Вулфард лишь согласно покачал головой.
— Ну вы, ребята, конечно, даёте, — тяжело вздохнул друг, садясь на стул. — Из тебя, оказывается, вышла отменная королева драмы, Финни.
Тот скривился.
— О, заткнись!
— Серьёзно. — Развёл руками Джек. — Посмотри, во что ты теперь превратился. А у нас завтра выступление, и вообще…
— Какое завтра число? — Вдруг подорвался с места Финн, чем напугал задумавшегося друга.
— Девятнадцатое февраля, а что? — Джек смотрел за тем, как Вулфард вдруг начал носиться по своему номеру в поисках телефона. — Хэй, чувак, что случилось? Что ты собираешься делать?
— То, о чём я, возможно, буду жалеть всю оставшуюся жизнь…
***
Милли уныло поедала праздничный торт, лёжа прямо на своей кровати. Настроения праздновать собственный День рождения не было совершенно. Теперь уже четырнадцатилетняя девочка смотрела чью-то прямую трансляцию с концерта Calpurnia в Лас-Вегасе. Она поглаживала пальцем изображение Финна, когда тот появлялся время от времени на экране. Он, как и обычно, был бесподобно красив со своей гитарой и вздыбленными тёмными кудрями.
Браун тяжело вздохнула и запихнула в рот новую ложку с кусочком торта.

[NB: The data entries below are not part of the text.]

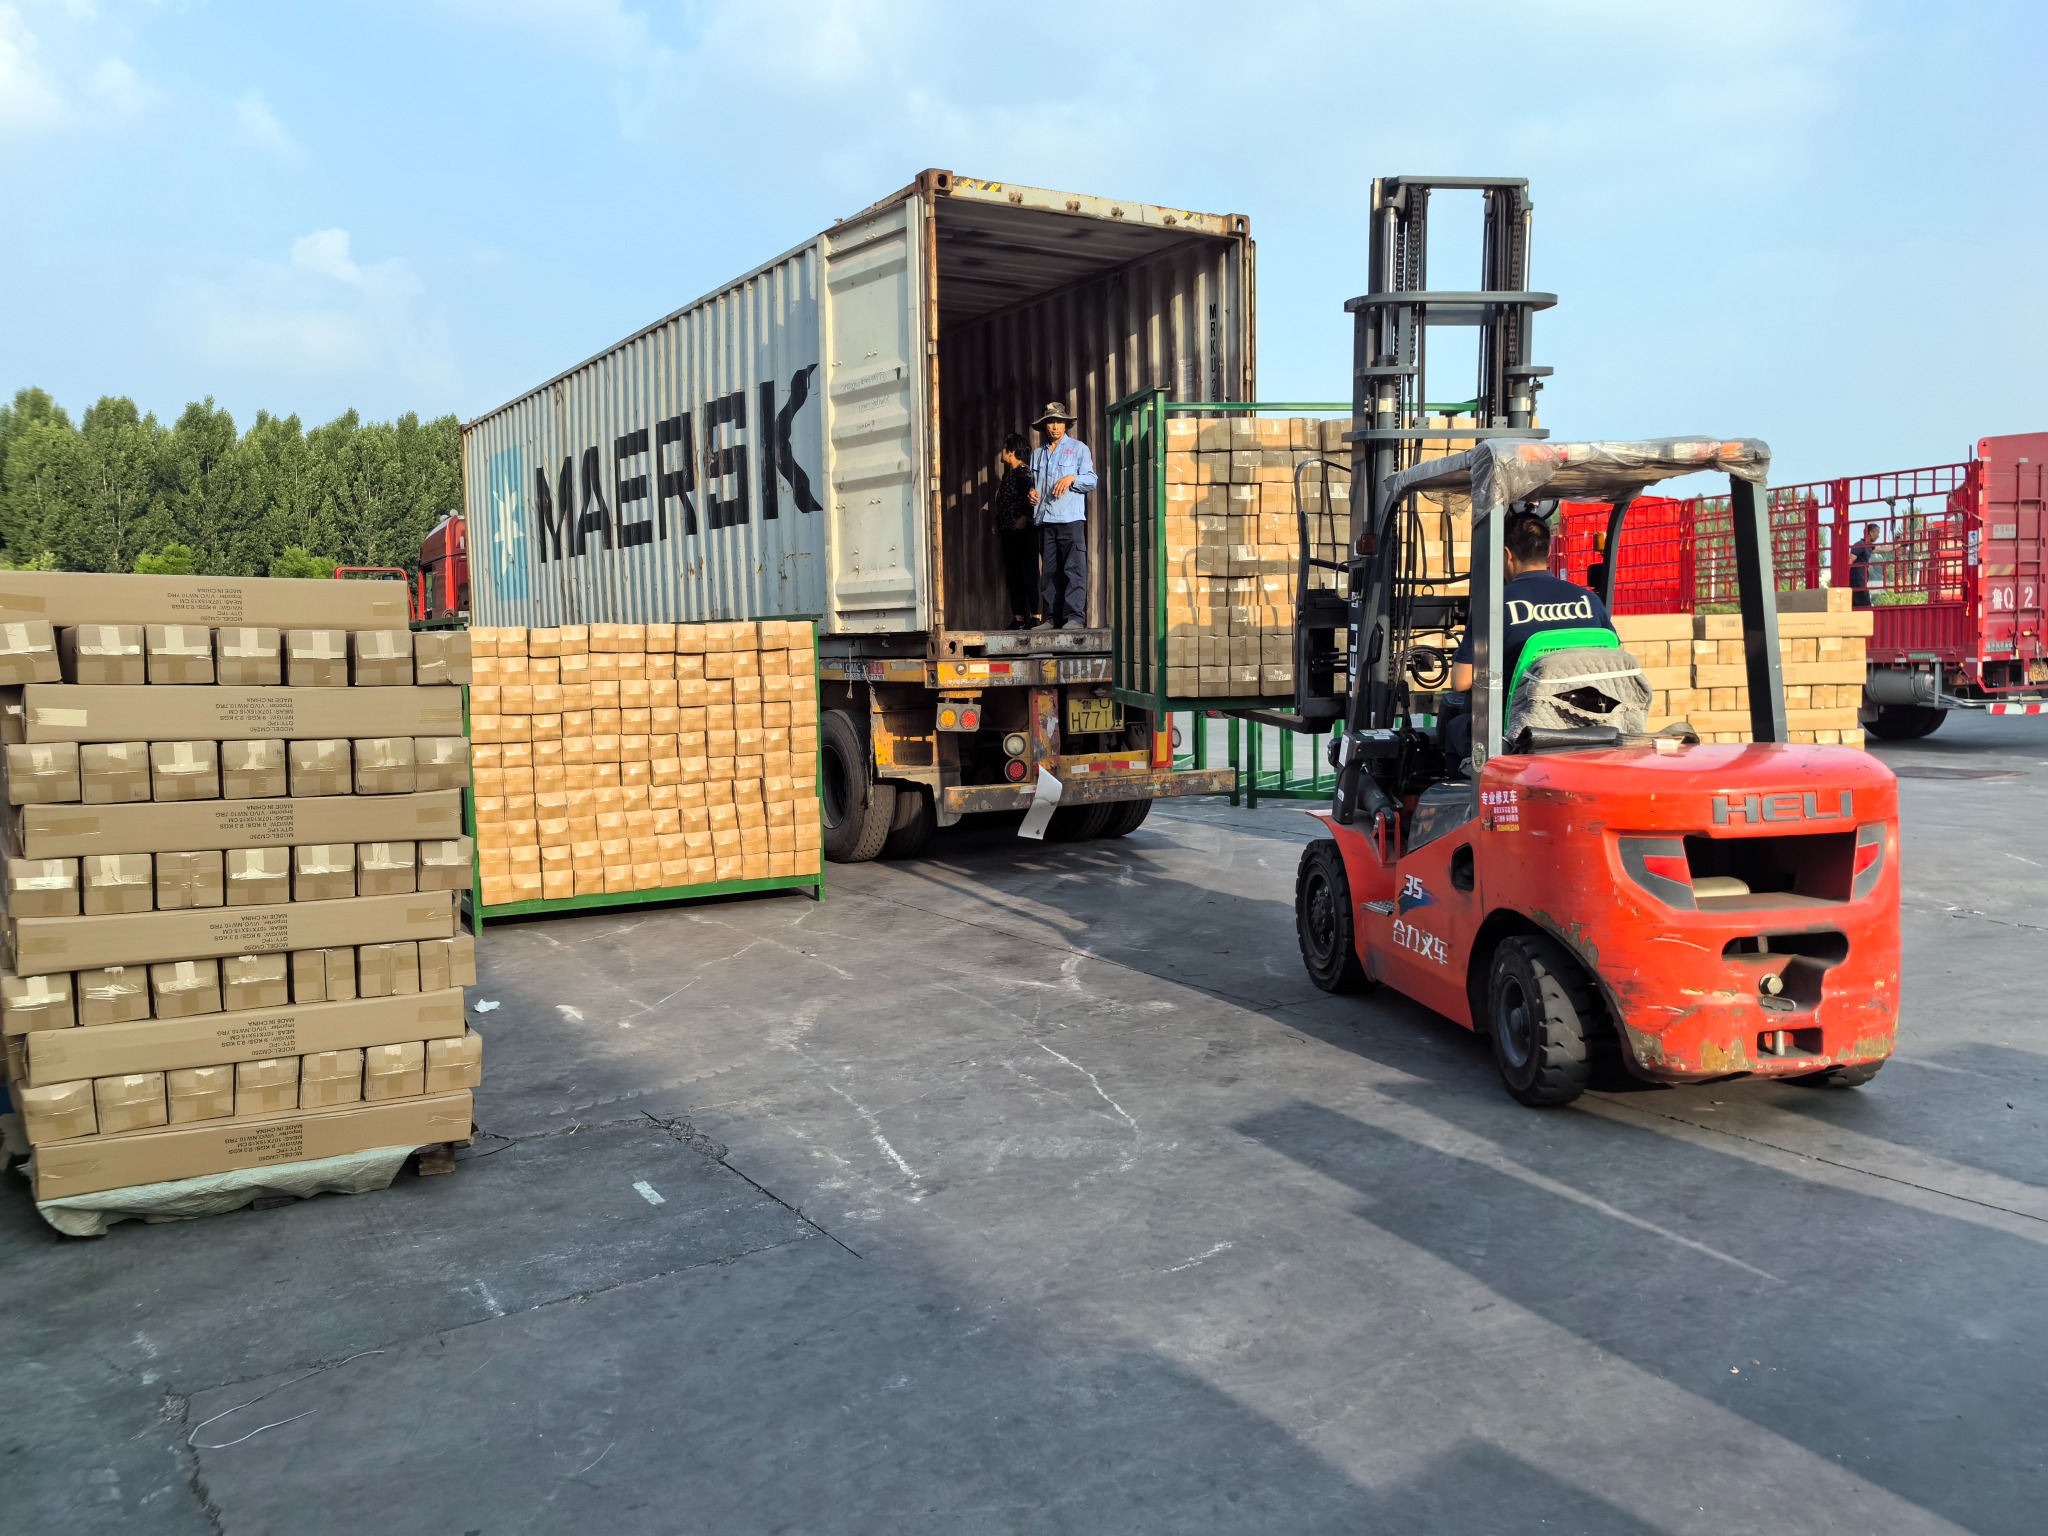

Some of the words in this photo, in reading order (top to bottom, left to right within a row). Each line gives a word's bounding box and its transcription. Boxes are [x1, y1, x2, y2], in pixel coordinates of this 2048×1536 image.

[1209, 303, 1217, 373] MRKU
[536, 363, 824, 563] MAERSK
[1712, 790, 1853, 824] HELI
[1403, 873, 1423, 900] 35
[1393, 919, 1448, 965] 合力叉车
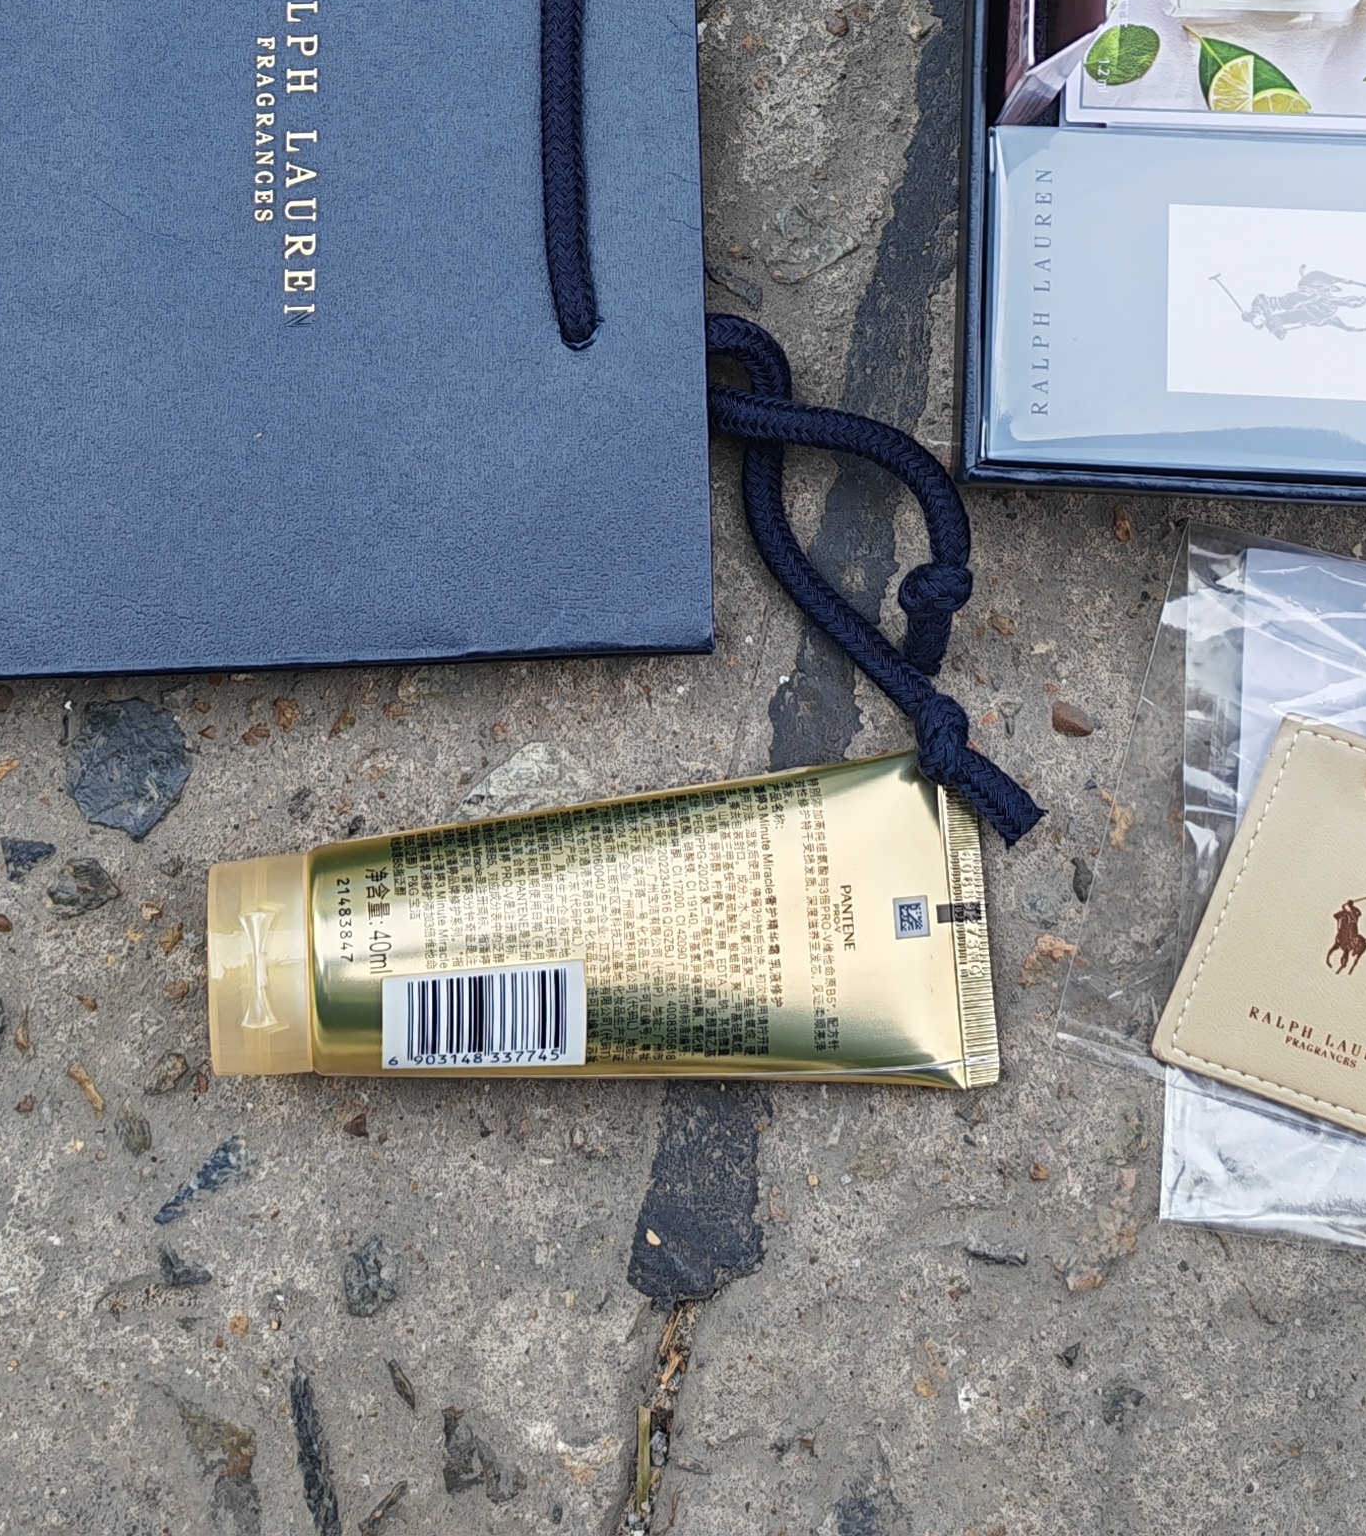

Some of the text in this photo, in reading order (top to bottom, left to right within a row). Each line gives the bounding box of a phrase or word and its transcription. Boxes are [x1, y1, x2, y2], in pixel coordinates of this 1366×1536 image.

[254, 37, 276, 224] FRAGRANCES
[283, 130, 320, 328] LAUREN
[1031, 169, 1053, 416] RALPH LAUREN
[511, 857, 524, 877] 合格
[336, 877, 353, 963] 21483847
[363, 865, 393, 975] 净含量：40ml
[406, 874, 422, 921] P&G 宝洁
[675, 914, 686, 926] CI
[757, 812, 771, 853] Minute
[768, 958, 784, 1007] 乳液修护
[838, 884, 856, 951] PANTENE
[433, 890, 451, 969] Minute Miracle
[660, 915, 676, 959] Q/GZBJ
[675, 928, 688, 960] 42090
[1249, 1006, 1314, 1039] RALPH
[388, 1049, 560, 1066] 6 903148 337745
[1285, 1035, 1358, 1069] FRAGRANCES

Когда закончилась одна из её любимых песен, то группа почему-то не начала играть за ней другую. Наоборот, Джек и Айла вдруг отошли назад, к Малькольму, скрывшись во внезапной искусственной тени, а единственный сильный прожектор был направлен на вышедшего в самый центр сцены Финна. Тот подтащил с собой микрофон, установил его понадёжнее и неуверенно прокашлялся, перебирая пальцами струны, чтобы успокоиться.
— Ребят, мне нужно кое-что сказать, можно? — Толпа заинтригованно согласно загудела. — Да, спасибо. На самом деле сегодня очень особенный день. Сегодня День рождения у одной замечательной, милой, доброй, весёлой и самой восхитительной девочки на свете — Милли Бобби Браун. Если ты меня сейчас слышишь, пожалуйста, знай, что ты мне очень дорога и очень важна для меня. Мне так много есть, что сказать тебе, но я сделаю это уже при личной встрече. А пока позволь посвятить тебе эту песню.